# SR20VET swap



## yegs (Aug 6, 2009)

just inquiring, is it possible for me to replace the QR25DE in my 06 bonavista edition with an SR20VET, if so what is required.


----------



## aussietrail (Sep 24, 2004)

Everything is possible but you need to be one of lucky ones to actually find this engine as there is a LOOOOONG waiting list for it worldwide


----------



## ValBoo (May 19, 2003)

I believe it is not an easy swap to do (way too much involved).

What I believe is the best way to go for this kind of power is to turbo the existing qr25; this of course after having done the basic to avoid engine problems (at least balance shaft removal) and improving handling and braking. This will give you more output than what the base sr20vet will.

Many have done this particularly on the specV and the Altima; the nice thing about the x-trail is the awd availability to deliver this added power (my dream) 

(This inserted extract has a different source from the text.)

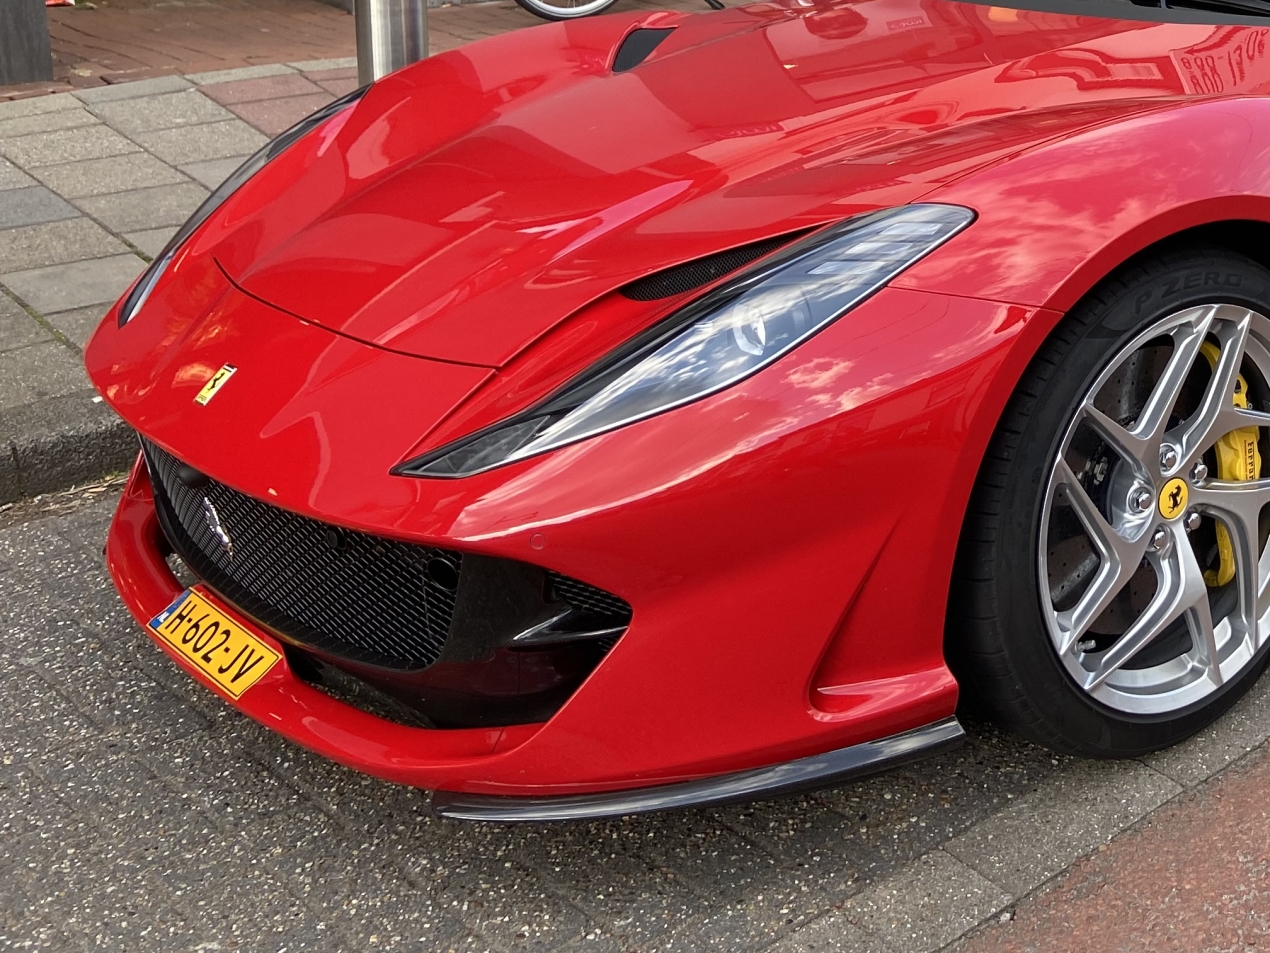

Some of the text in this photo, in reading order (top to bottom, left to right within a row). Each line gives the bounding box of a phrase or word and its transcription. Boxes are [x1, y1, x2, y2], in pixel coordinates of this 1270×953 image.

[1134, 271, 1244, 315] P ZERO
[164, 600, 265, 683] H-602-JV

And here are a couple of kit suppliers:

Powertech performance:
: Powertech Performance : TURBO KITS

Treadstone:
Treadstone Nissan Spec V Turbo kit - TREADSTONE PERFORMANCE


You really need to know what you are getting into if you want to do this. 

Read this article (all pages):
Jim Wolf Technologies Turbo Nissan QR25DE Powerhouse Part 1
It is written by Mike Kojima (Nissan God himself) and will give you an excellent background into the qr25.


----------



## mgfiest (Sep 13, 2009)

Just a observation.... $5k+ to purchase the kit and then the labour cost.... I don't know the total overall HP after you install but... is it really worth it.... considering the limited speedlimit restrictions we have in Canada.....


----------



## ValBoo (May 19, 2003)

Total output after turbo can reach 300 HP (250 to 270 HP at the wheels).

Good point about kit price, restrictions, etc; is it really worth it... I suppose it depends on the individual and what makes your clock tik 
I wonder why people buy Porche Cayenne and BMW X5 ?


----------



## TKH (May 19, 2007)

T30 Series 1. Dropped in the SR20VET. It is not a simple remove QR25 and replace with SR20. A lot of incompatible issues, not worth the trouble. Perhaps as suggested get a Turbo. However, still cannot confirm whether the current auto gearbox can handle the extra power.


----------



## joe_yoh (Feb 9, 2010)

Yeah it's possible but I think it's a matter of luck. lol


----------



## yegs (Aug 6, 2009)

mgfiest said:


> Just a observation.... $5k+ to purchase the kit and then the labour cost.... I don't know the total overall HP after you install but... is it really worth it.... considering the limited speedlimit restrictions we have in Canada.....


I'm 17, you tell me. none the less, I'm taking it into consideration, the QR25DE feels almost morbid


----------



## mgfiest (Sep 13, 2009)

then buy a car with more HP


----------